Biomechanics expert Katy Bowman shares in her book Alignment Matters that research shows wearing poorly attached shoes increases the risks for a variety of conditions including hammertoes, plantar fasciitis, and knee pain.

There is nothing more convenient and comfortable, especially in the tropics or on a beach vacation, than a pair of flip flops. If you love sandals, go for those with ankle straps and leave the flip flops poolside.

Get Moving

We have become a sedentary society. It’s not only that we sit so much but we sit so continuously, and that has consequences. Movement helps us to stay supple, flexible, and promotes healthy aging.

Set a timer and be sure to change your position every 10 minutes. Get up every 20 to 30 minutes. Stretch. Get some water. Moving often is much better than Crossfit after a day of not moving. Exercise is good; though the negative effects of not moving are not neutralized by an hour of even very good exercise.

Build Strength + Flexibility. Get good alignment

Many people are slouchy, leaning on the counter, splaying out on the couch, thrusting the pelvis forward to stand. How we sit and stand comes from and perpetuates physical weakness.

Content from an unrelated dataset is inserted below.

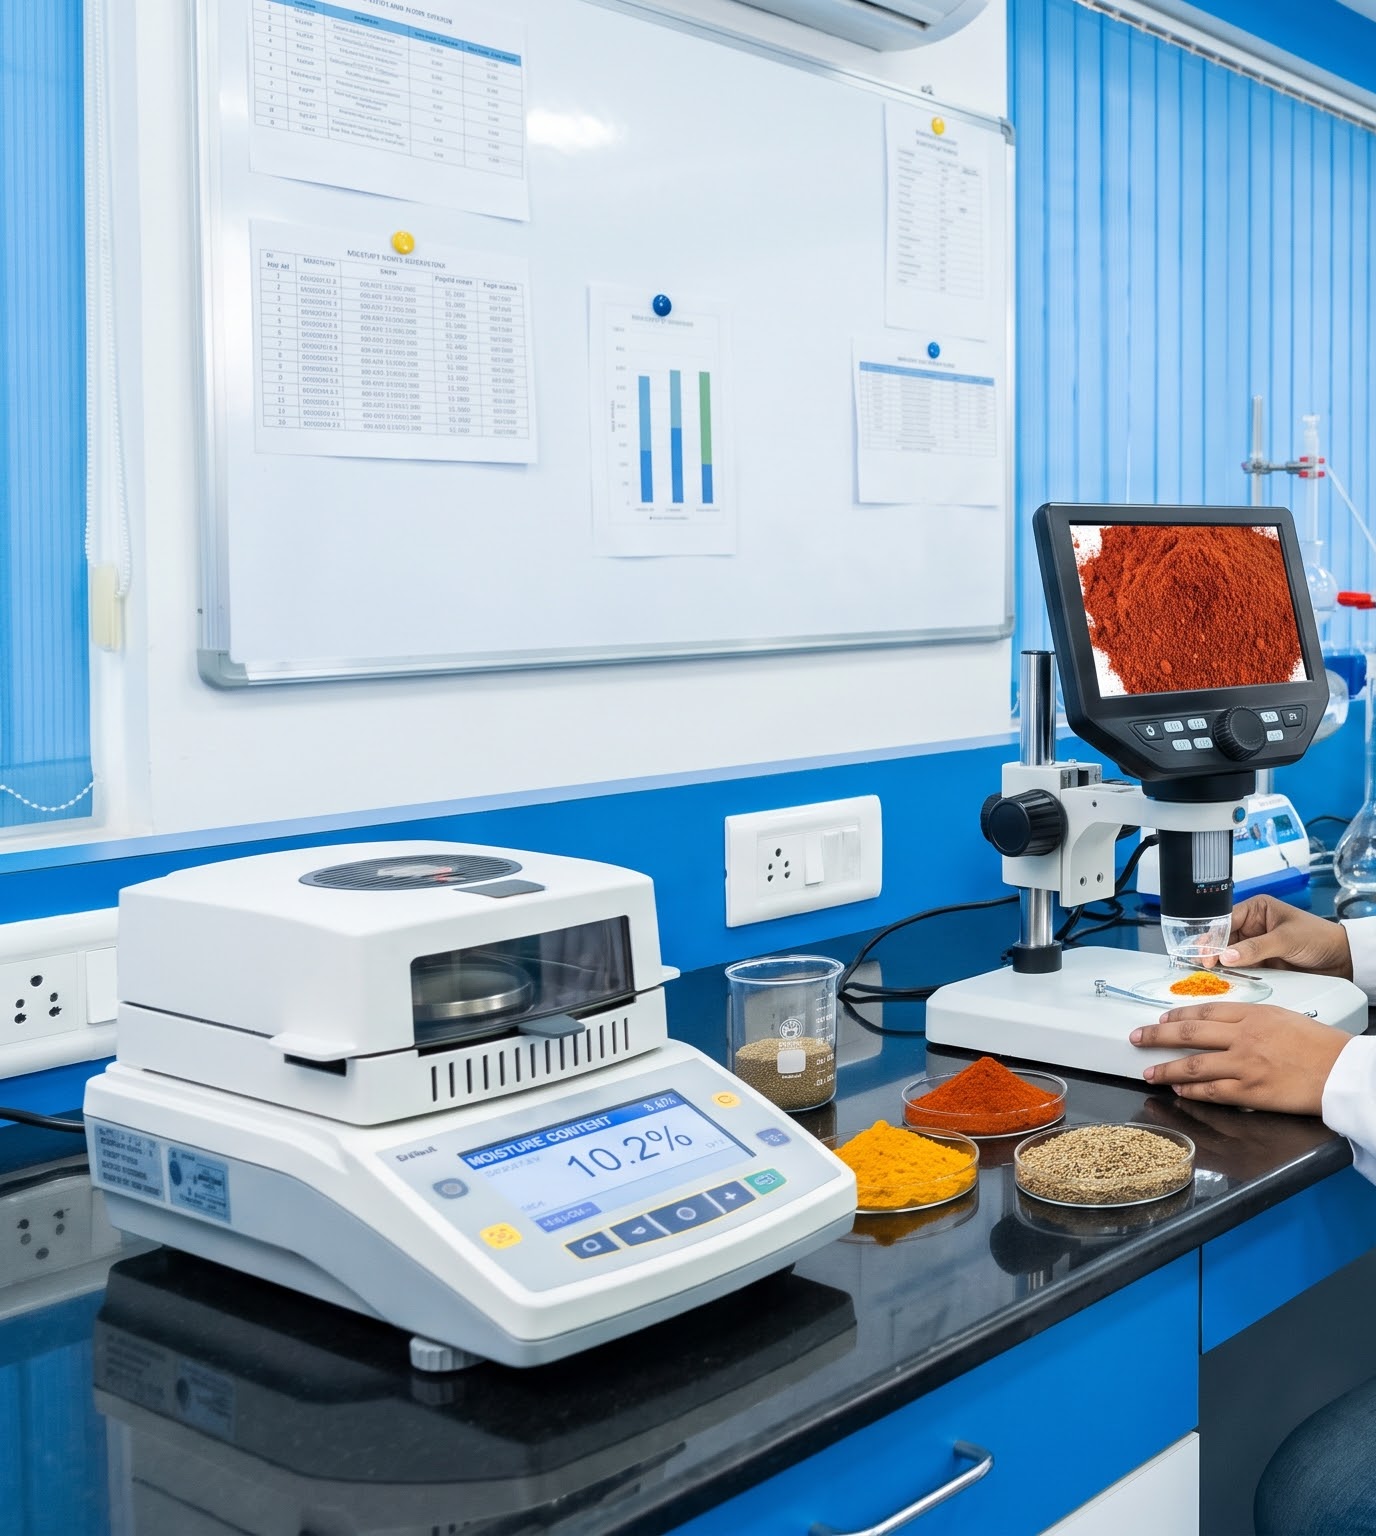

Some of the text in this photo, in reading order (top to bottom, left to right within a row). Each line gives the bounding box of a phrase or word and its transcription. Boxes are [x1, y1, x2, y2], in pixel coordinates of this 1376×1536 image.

[466, 1136, 546, 1168] MOISTURE
[546, 1115, 612, 1143] CONTENT
[566, 1125, 693, 1178] 10.2%

“A lot of us have lower back pain because of constant compression of our spines. We don’t sit or stand properly because we have poor posture and we don’t  use our abdominal muscles to support the lower back. If our abs are part of the no zone – an area we avoid because we think it’s gross or fat – there’s less and less support for the lower back. When you get your abdominals strong and responsive, then your back has more support.”1

To check if you have back pain from compression, Ana Forrest suggests the Back Traction pose. If this pose helps relieve your pain, then doing it regularly will help. To do the Back Traction pose, lie on your back, with knees bent and feet flat on the ground. Place your hands on your thighs and push against them, straightening the arms and lifting the chest away from the body.

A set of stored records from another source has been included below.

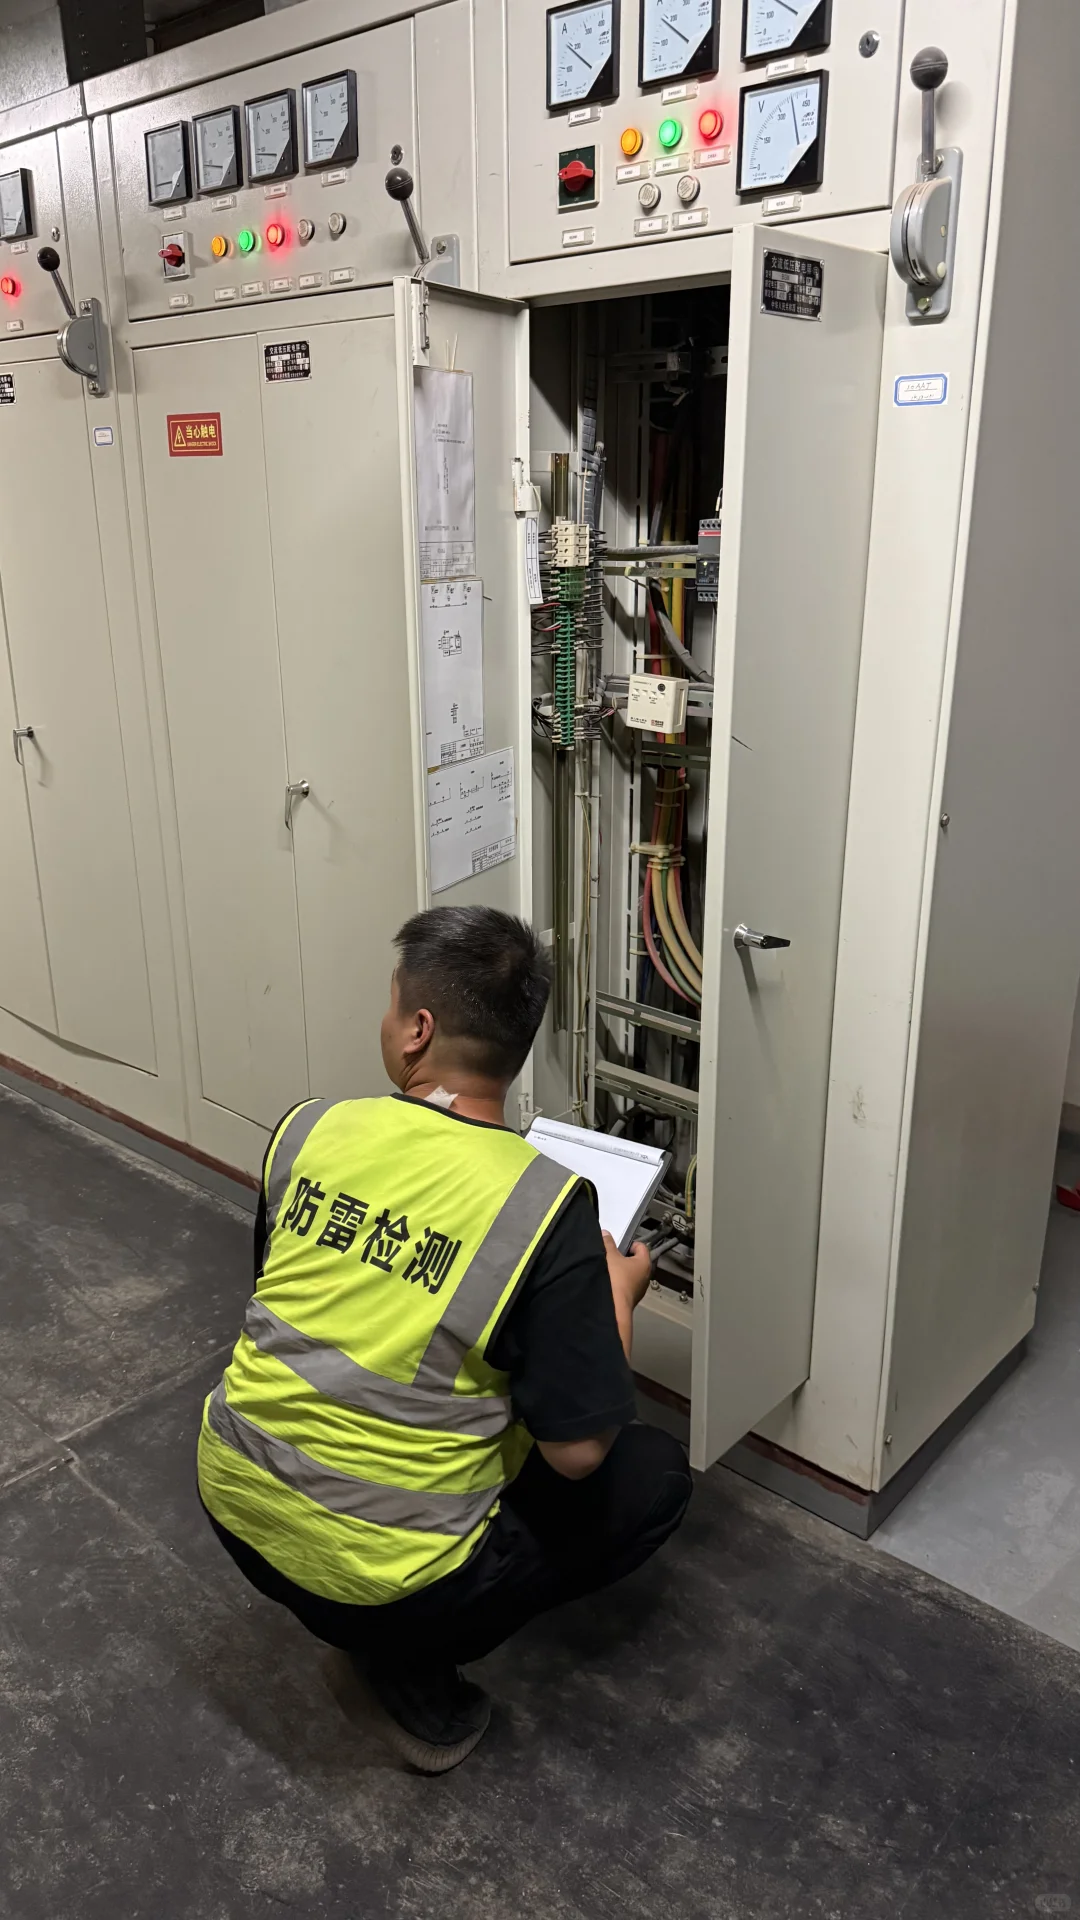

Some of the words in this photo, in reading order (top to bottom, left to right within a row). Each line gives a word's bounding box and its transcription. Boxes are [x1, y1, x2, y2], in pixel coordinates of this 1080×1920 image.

[766, 11, 774, 19] 100
[561, 22, 568, 35] A
[314, 93, 319, 104] A
[758, 100, 765, 114] V
[185, 424, 217, 439] 当心触电
[281, 1176, 463, 1295] 防雷检测

What is good alignment? “Getting all of your muscles to the right length to allow all of your joints to move.”2

The body has a system of adaptation, and the adaptation is to the stimulus that we provide it–so even though we’re very active, and we’re trying to be fit and healthy, what’s happened to us is that the posture muscles that were designed to hold us upright have grown increasingly dysfunctional. And this is escalating decade by decade, generation by generation. So that’s where all this chronic pain is coming from. We are moving, but it’s the body that we’re bringing to the movement that’s causing the problem.

Pete Egoscue, anatomical physiologist3

Man in water by simson-petrol

Do something about your stress

People are often asked on a scale of 1 – 10, 10 being the most intense, painful, uncomfortable, how do they feel. Dr Paul Masters believes that when people say 10 there is an element of emotional distress involved. Stress alters our body and affects our biochemical processes in both obvious and more subtle ways. It is held by the body. Unattended stress makes us vulnerable to bad habits and lifestyle choices, and prevents healthy aging.

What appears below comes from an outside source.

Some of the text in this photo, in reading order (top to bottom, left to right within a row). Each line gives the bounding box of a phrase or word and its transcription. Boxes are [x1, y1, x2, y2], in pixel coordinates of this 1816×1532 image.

The role of stress is indeed understated and overlooked. There are many ways to reduce stress, from breathing exercises, movement throughout the day, mental readjustments, and emotional release. Other suggestions – getting bodywork, taking time to de-compress, include more leisure activities, meditation, and contemplation.

Looking at the source of the stress is important though the idea of changing the job, relationship, circumstance often elicits a barrage of excuses, explanations, and reasons of why such a change is not possible, or not possible now. If we can at least attend to the effects of the stress on our physical, emotional, and mental states, we are already doing something positive for ourselves. And that’s good at any age.

The illusion of youth is that we will be able to weather any adversity, body and mind. We may feel like we live with a cloak of invincibility. Having good habits helps us be robust and resilient through the years. Aging does not mean frailty and ill-health. We can enjoy healthy aging. Our lifestyle can ensure the disease-span does not overshadow the later years of our lifespan.


1 Fierce Medicine by Ana T Forrest. HarperOne. 2011. p55
2 Alignment Matters by Katy Bowman MS. Propriometrics Press. 2013. p392.